Personal details
- Born: Mikhail Prokofievich Kovalev 7 July 1897 Bryukhovetskaya, Kuban Oblast, Russian Empire
- Died: 31 August 1967 (aged 70) Leningrad, RSFSR, Soviet Union
- Resting place: Bogoslovskoe Cemetery
- Party: CPSU
- Awards: Order of Lenin (2) Order of the Red Banner (4) Order of the Red Banner of Labour Order of Suvorov, 1st class

Military service
- Allegiance: Soviet Union
- Branch/service: Red Army
- Years of service: 1915–1955
- Rank: Colonel general
- Battles/wars: World War I; Russian Civil War Tambov Rebellion; ; Polish-Soviet War; World War II Invasion of Poland; Winter War; Operation August Storm; ;

= Mikhail Kovalyov =

Soviet general (1897–1967)

Mikhail Prokofievich Kovalev (Михаи́л Проко́фьевич Ковалёв; – 31 August 1967) was a Soviet military officer and politician who served as the Chairman of the Executive Committee of the Minsk City Council of People's Deputies.

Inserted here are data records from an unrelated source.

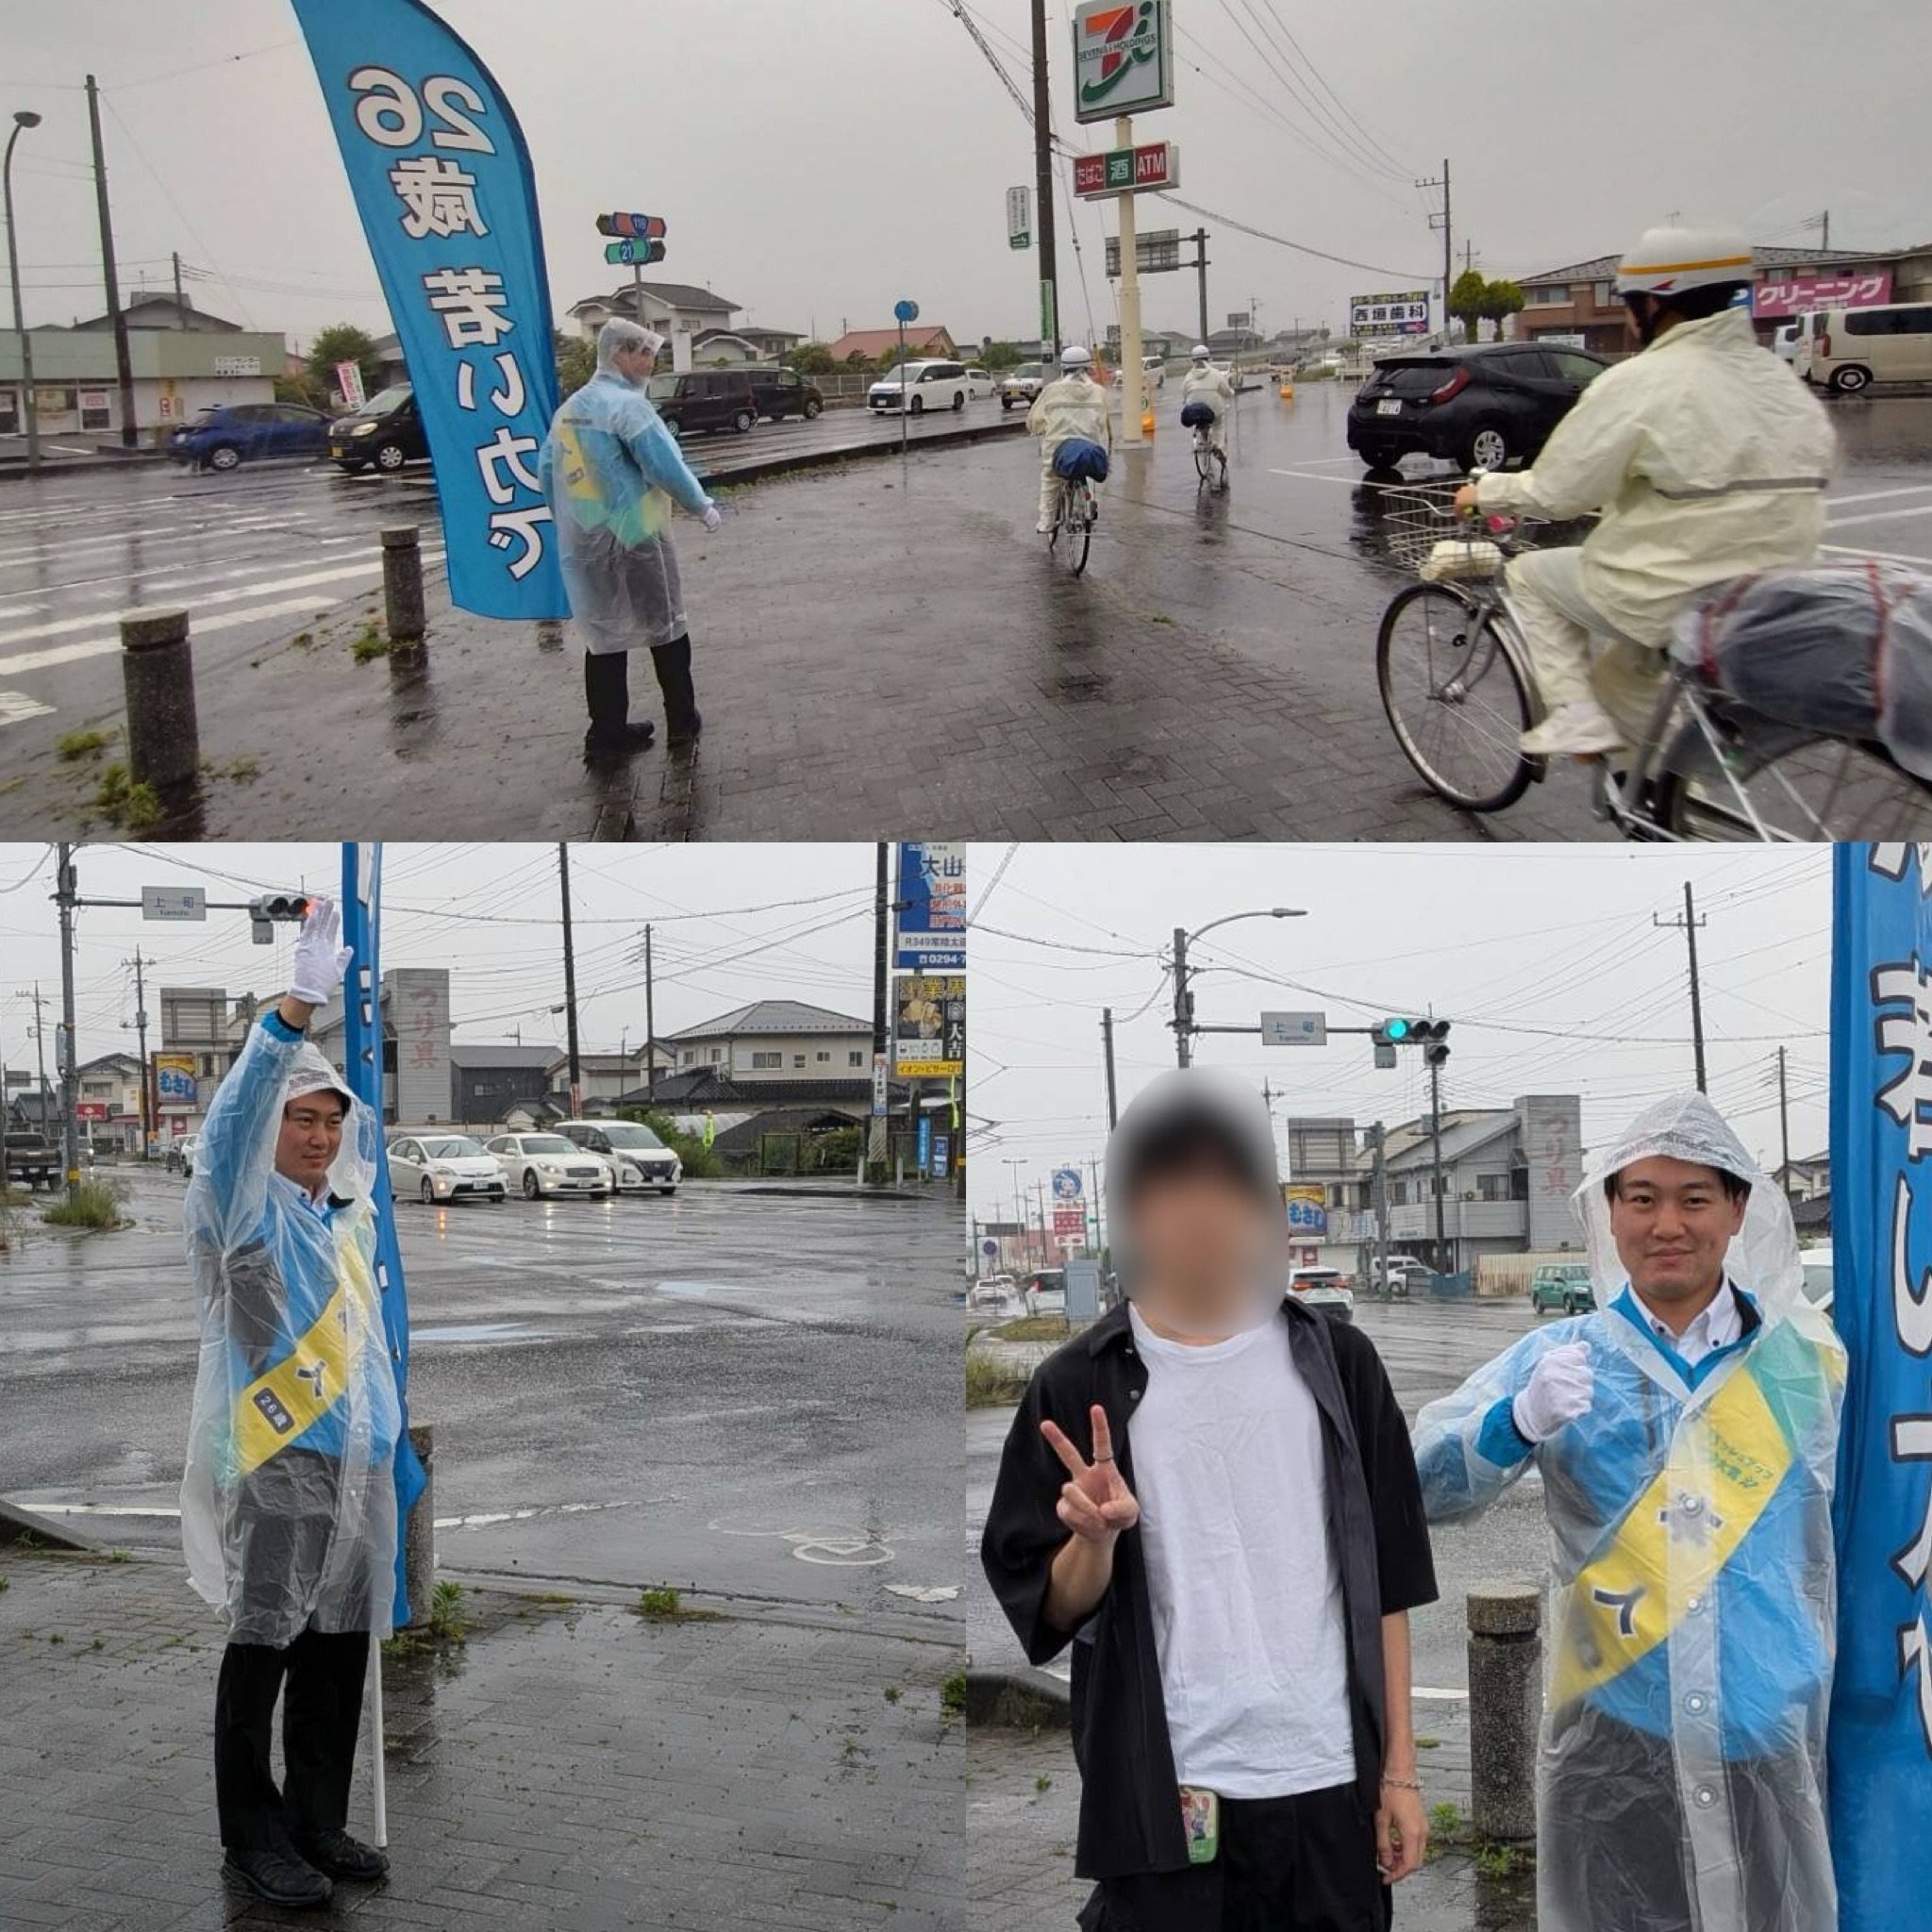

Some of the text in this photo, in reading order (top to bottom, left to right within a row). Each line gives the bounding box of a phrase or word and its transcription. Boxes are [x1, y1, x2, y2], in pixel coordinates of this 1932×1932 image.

[1077, 152, 1165, 186] たばこ 酒 ATM
[622, 244, 633, 260] 21
[1757, 275, 1885, 307] クリーニング
[1355, 304, 1424, 322] 西垣歯科
[922, 855, 966, 877] 大山
[408, 987, 438, 1069] つり具
[947, 1023, 962, 1059] 大吉
[159, 1071, 196, 1097] むさし
[1540, 1114, 1570, 1196] つり具
[1289, 1202, 1327, 1229] むさし

Mikhail Kovalev was born to family of a peasants in stanitsa Bryukhovetskaya, Kuban Oblast. In 1915 he enlisted in the Russian Army. After graduating from a School for Praporshchiks Kovalev fought in World War I commanding a platoon (polurota), company and then a battalion. At the time of the October Revolution he was a Stabs-Captain. During the Russian Civil War he commanded a regiment and then a brigade in the Red Army participating in the fights against White Armies of Denikin, Wrangel and the peasant Tambov Rebellion of Alexander Antonov.

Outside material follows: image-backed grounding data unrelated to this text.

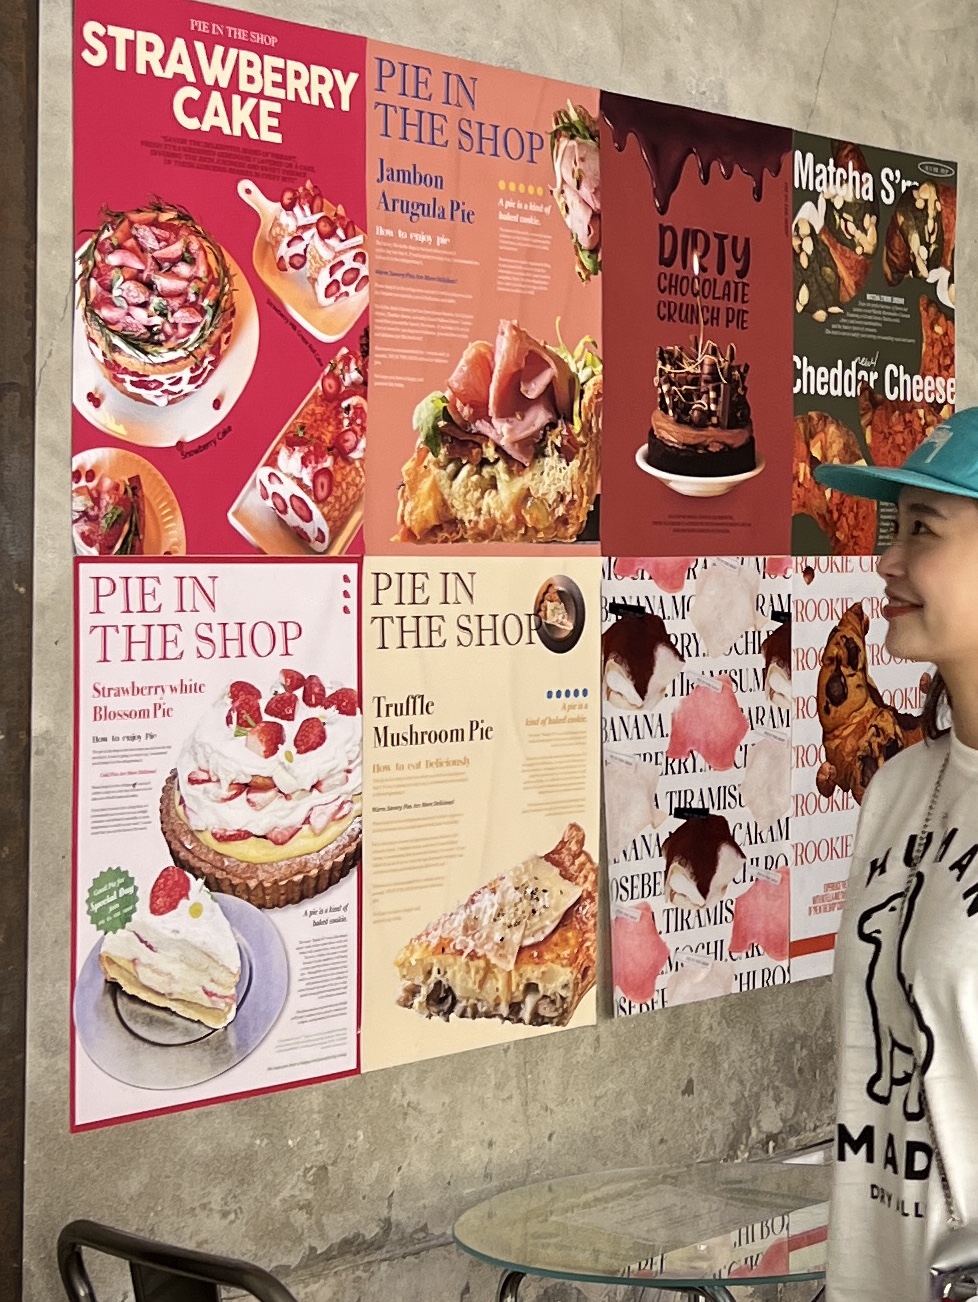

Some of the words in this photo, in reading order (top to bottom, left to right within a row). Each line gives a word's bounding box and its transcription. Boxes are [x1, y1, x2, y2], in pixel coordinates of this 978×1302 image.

[190, 18, 210, 34] PIE
[211, 22, 224, 36] IN
[226, 25, 248, 41] THE
[250, 28, 278, 47] SHOP
[81, 20, 359, 112] STRAWBERRY
[374, 56, 433, 102] PIE
[441, 71, 478, 111] IN
[172, 86, 282, 143] CAKE
[374, 101, 449, 148] THE
[457, 117, 545, 164] SHOP
[376, 157, 444, 190] Jambon
[794, 149, 874, 202] Matcha
[376, 189, 446, 224] Arugula
[450, 199, 476, 225] Pie
[658, 223, 751, 279] DIRTY
[657, 272, 751, 304] CHOCOLATE
[657, 300, 720, 328] CRUNCH
[725, 306, 749, 330] PIE
[793, 354, 878, 398] Cheddar
[884, 363, 956, 405] Cheese
[88, 575, 163, 615] PIE
[174, 575, 219, 614] IN
[370, 571, 431, 606] PIE
[439, 571, 477, 605] IN
[88, 622, 185, 663] THE
[195, 620, 303, 660] SHOP
[370, 614, 447, 650] THE
[456, 612, 543, 647] SHOP
[92, 681, 167, 700] Strawberry
[169, 678, 206, 697] white
[372, 694, 435, 718] Truffle
[92, 703, 151, 722] Blossom
[153, 702, 174, 719] Pie
[373, 724, 465, 749] Mushroom
[468, 719, 494, 742] Pie

From 1937 Kovalev was the commander of Kiev Military District, then from 1938, he was the commander of Belorussian Military District. He was the commander of the Belarusian Front during the Soviet invasion of Poland in September 1939. Kovalev was also the commander of the 15th Army (Soviet Union) and led the Soviets to victory. As well as leading during the Winter War (1939–1940). He was the commander of Kharkov Military District, then Inspector of Infantry for the Red Army Commander of the Transbaikal Front during 1941.

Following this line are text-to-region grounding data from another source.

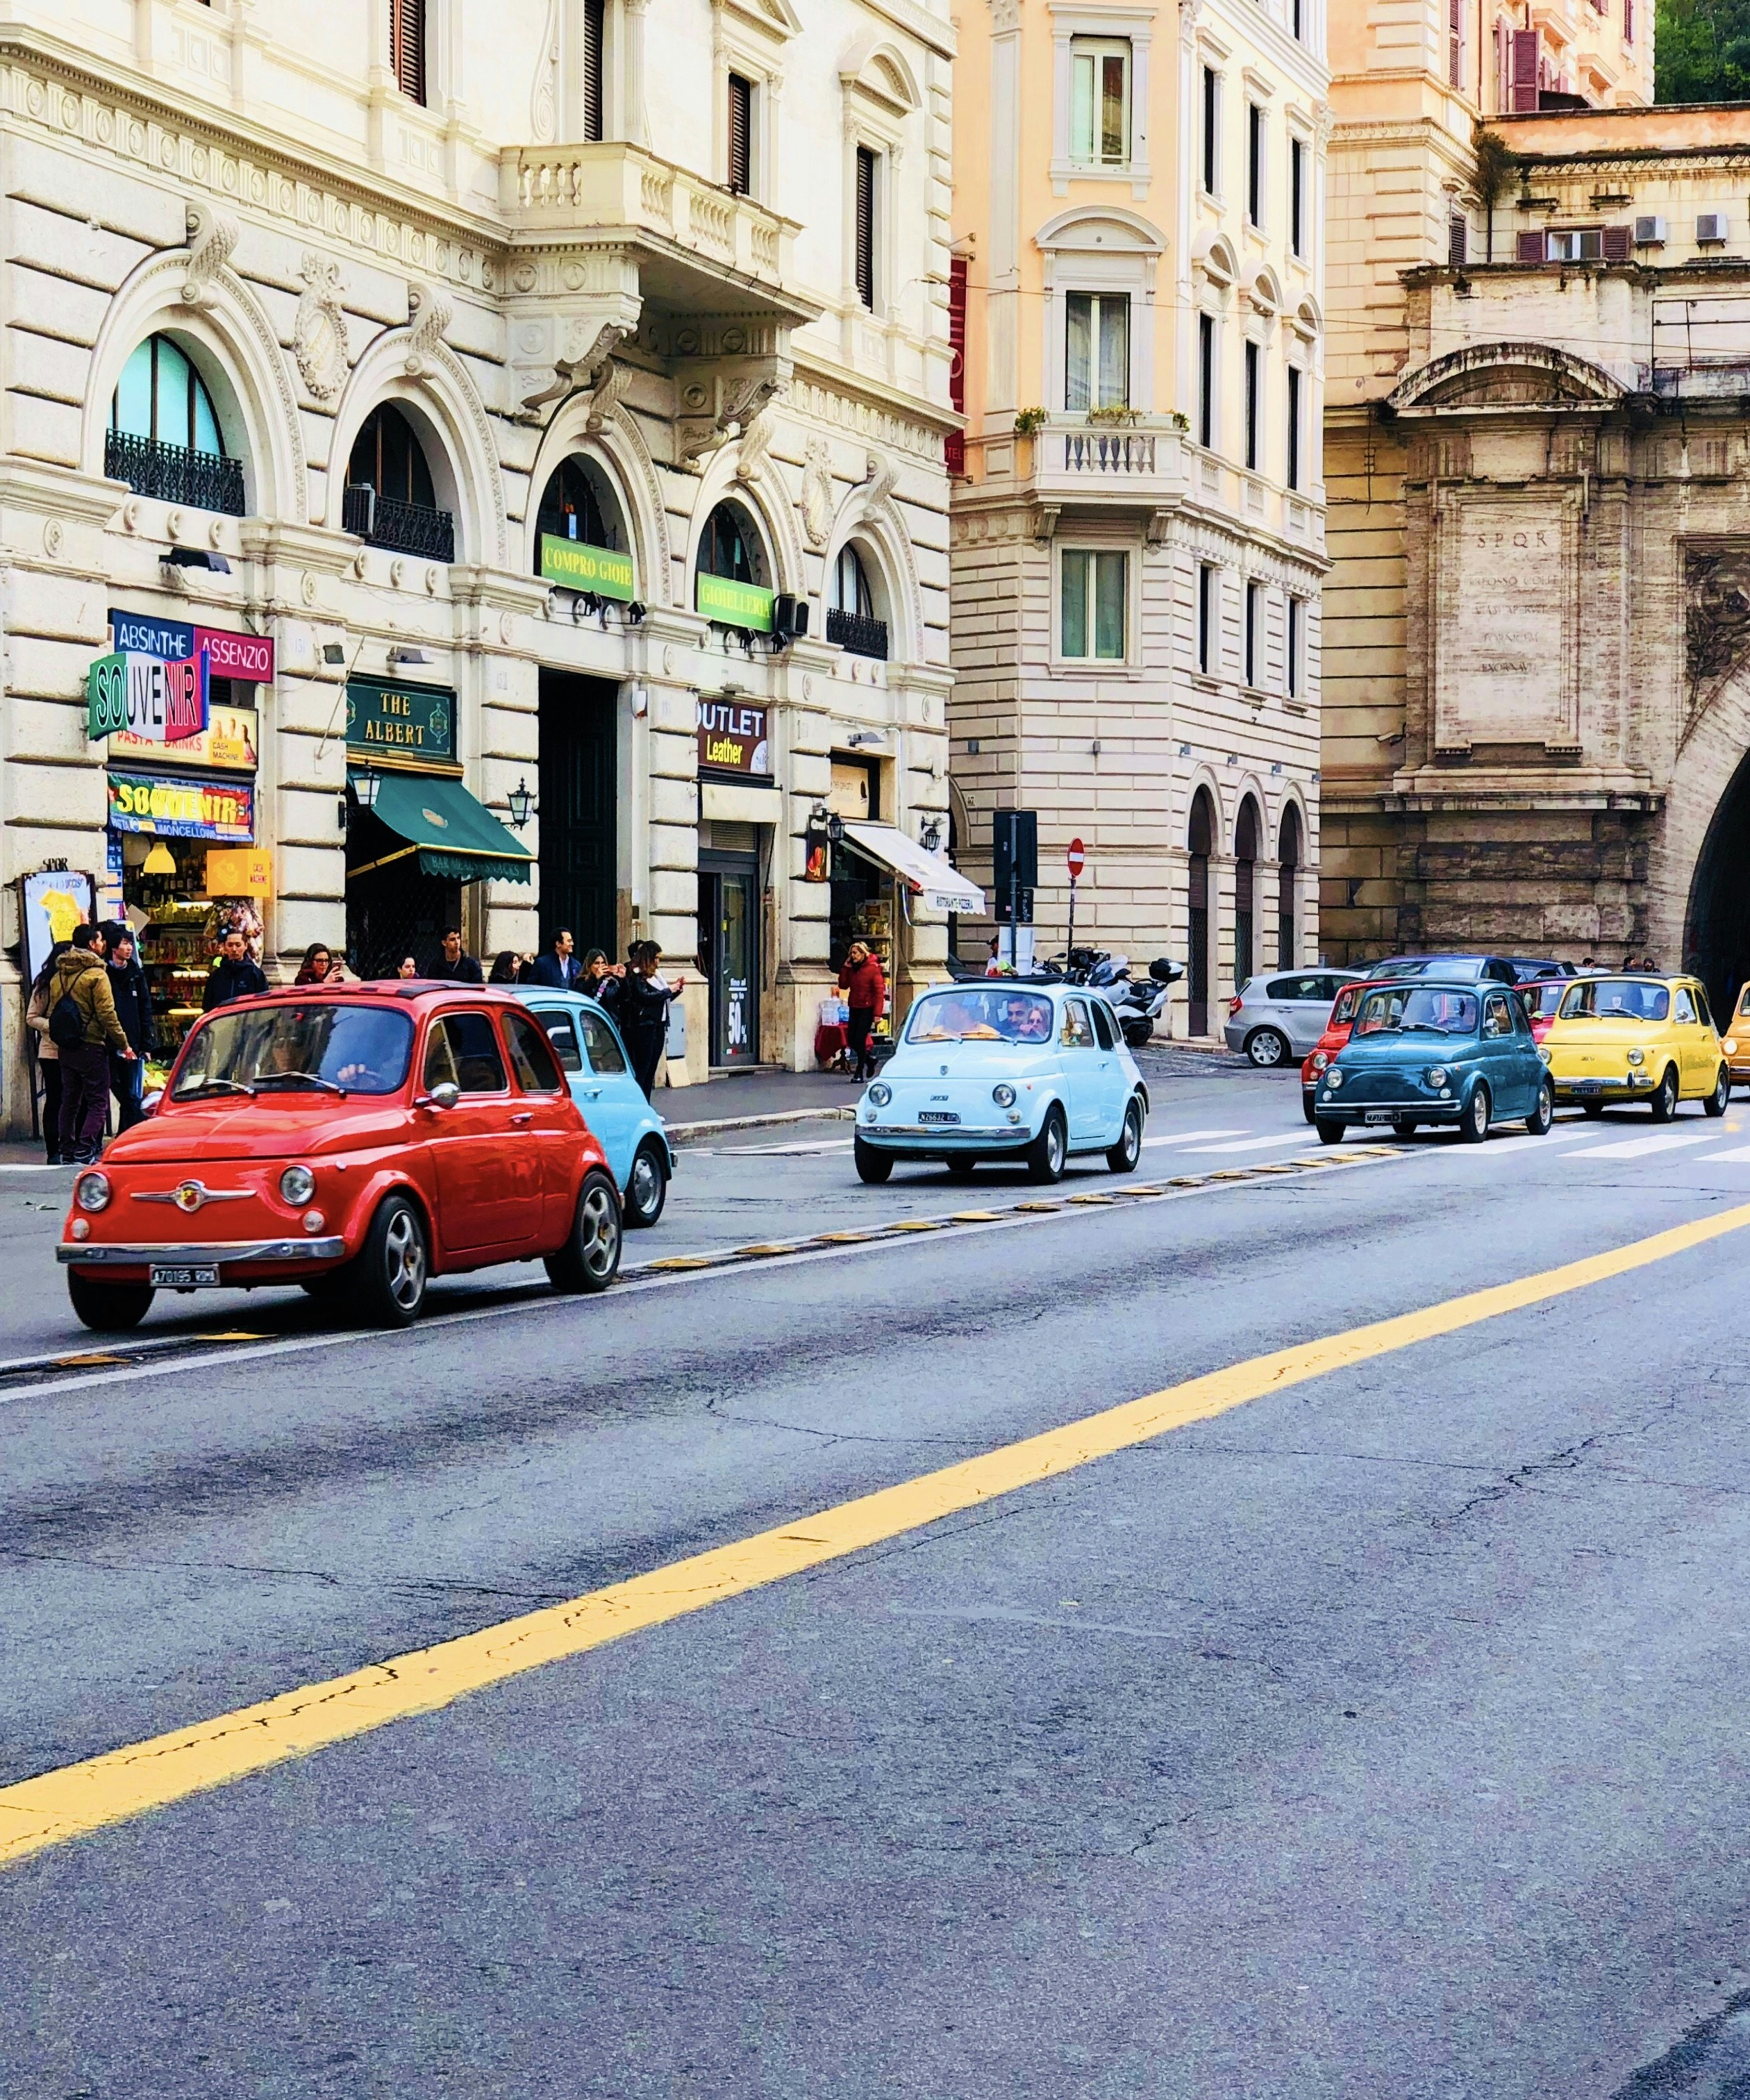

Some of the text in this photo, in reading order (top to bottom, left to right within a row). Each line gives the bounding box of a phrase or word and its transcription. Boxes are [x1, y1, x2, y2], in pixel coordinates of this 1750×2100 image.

[544, 547, 633, 587] COMPRO GIOIE
[701, 583, 772, 617] GIOIELLERIA
[119, 623, 187, 658] ABSINTHE
[202, 637, 269, 672] ASSENZIO
[96, 663, 199, 728] SOUVENIR
[380, 692, 411, 717] THE
[212, 741, 228, 751] CASH
[365, 719, 425, 746] ALBERT
[212, 751, 240, 762] MACHINE
[706, 734, 743, 765] Leather
[432, 855, 449, 869] BAR

In July 1945 he became a vice-commander of the Transbaikal Front and participated in military actions against Japan. From 1949 he was a vice-commander of Leningrad Military District. Kovalev retired in 1955 and died in Leningrad in 1967 of lung cancer.

His awards include two Orders of Lenin, four Orders of the Red Banner, an Order of the Red Banner of Labour and an Order of Suvorov, 1st class.